Quote the records below in full, exactly as given, with the images taken out.

━━━ EXERCISE MATERIAL ━━━

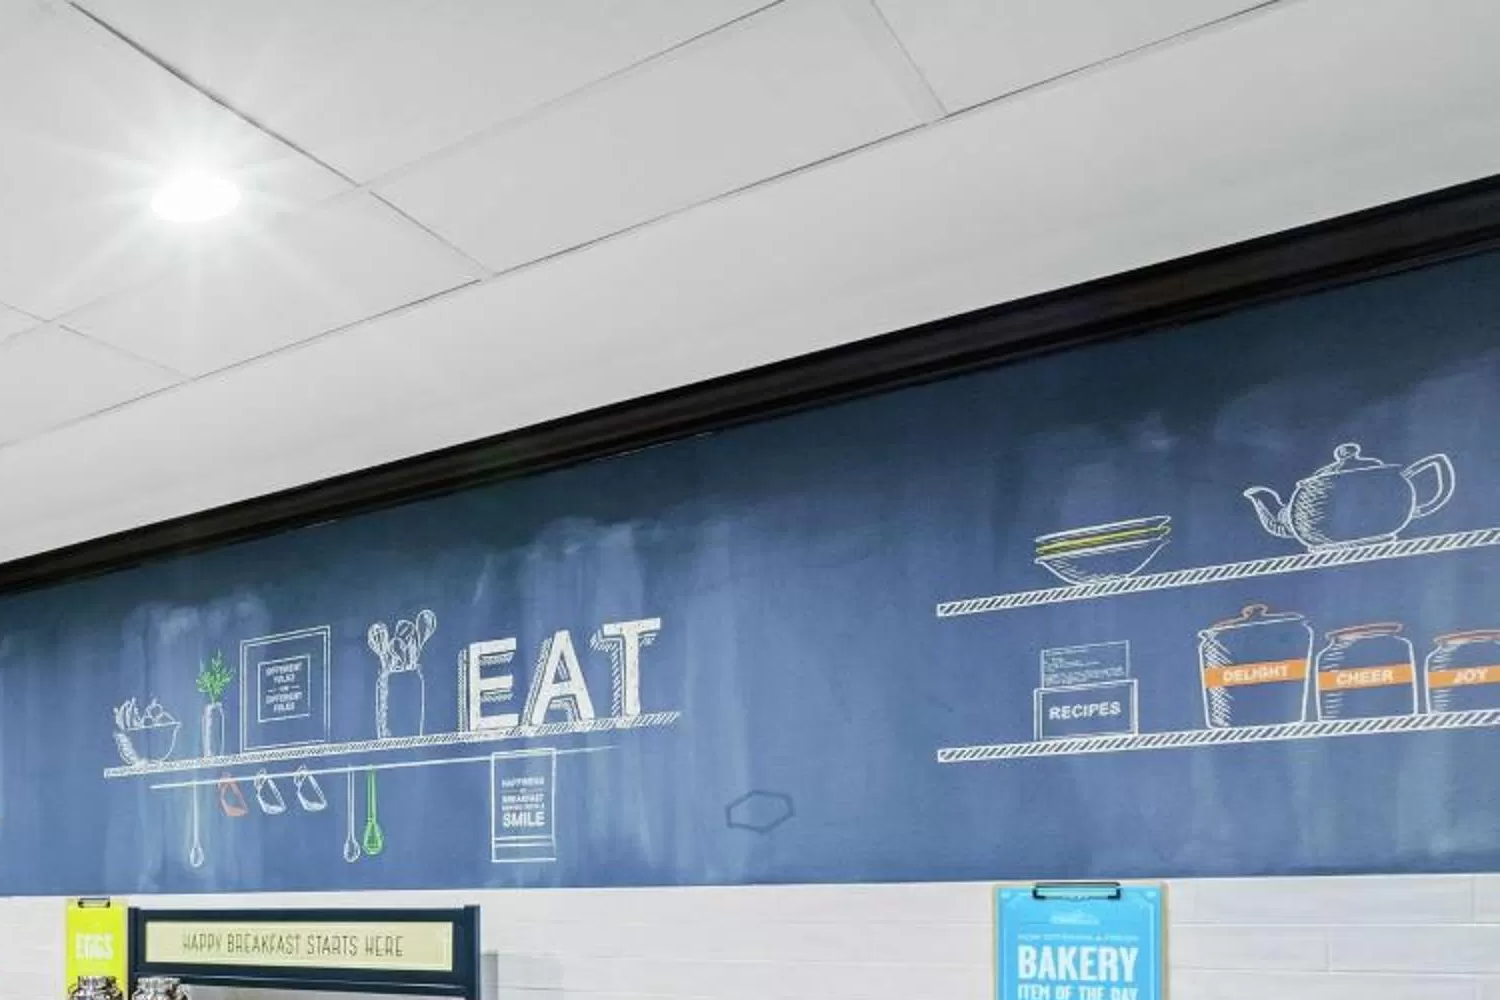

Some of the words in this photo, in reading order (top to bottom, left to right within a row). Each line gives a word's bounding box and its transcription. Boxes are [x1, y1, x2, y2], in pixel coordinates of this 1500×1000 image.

[460, 617, 661, 731] EAT
[1222, 665, 1290, 682] DELIGHT
[1336, 669, 1395, 687] CHEER
[1454, 668, 1489, 684] JOY
[1049, 700, 1122, 720] RECIPES
[502, 811, 545, 828] SMILE
[76, 933, 114, 959] EGGS
[182, 932, 222, 953] HAPPY
[227, 933, 301, 955] BREAKFAST
[307, 935, 358, 956] STARTS
[365, 935, 405, 957] HERE
[1017, 944, 1139, 982] BAKERY

━━━

- SOLUTION TO THE PROBLEM
Some of the words in this photo, in reading order (top to bottom, left to right within a row). Each line gives a word's bounding box and its transcription. Boxes are [x1, y1, x2, y2], in pixel coordinates of this 1500×1000 image.

[460, 617, 661, 731] EAT
[1222, 665, 1290, 682] DELIGHT
[1336, 669, 1395, 687] CHEER
[1454, 668, 1489, 684] JOY
[1049, 700, 1122, 720] RECIPES
[502, 811, 545, 828] SMILE
[76, 933, 114, 959] EGGS
[182, 932, 222, 953] HAPPY
[227, 933, 301, 955] BREAKFAST
[307, 935, 358, 956] STARTS
[365, 935, 405, 957] HERE
[1017, 944, 1139, 982] BAKERY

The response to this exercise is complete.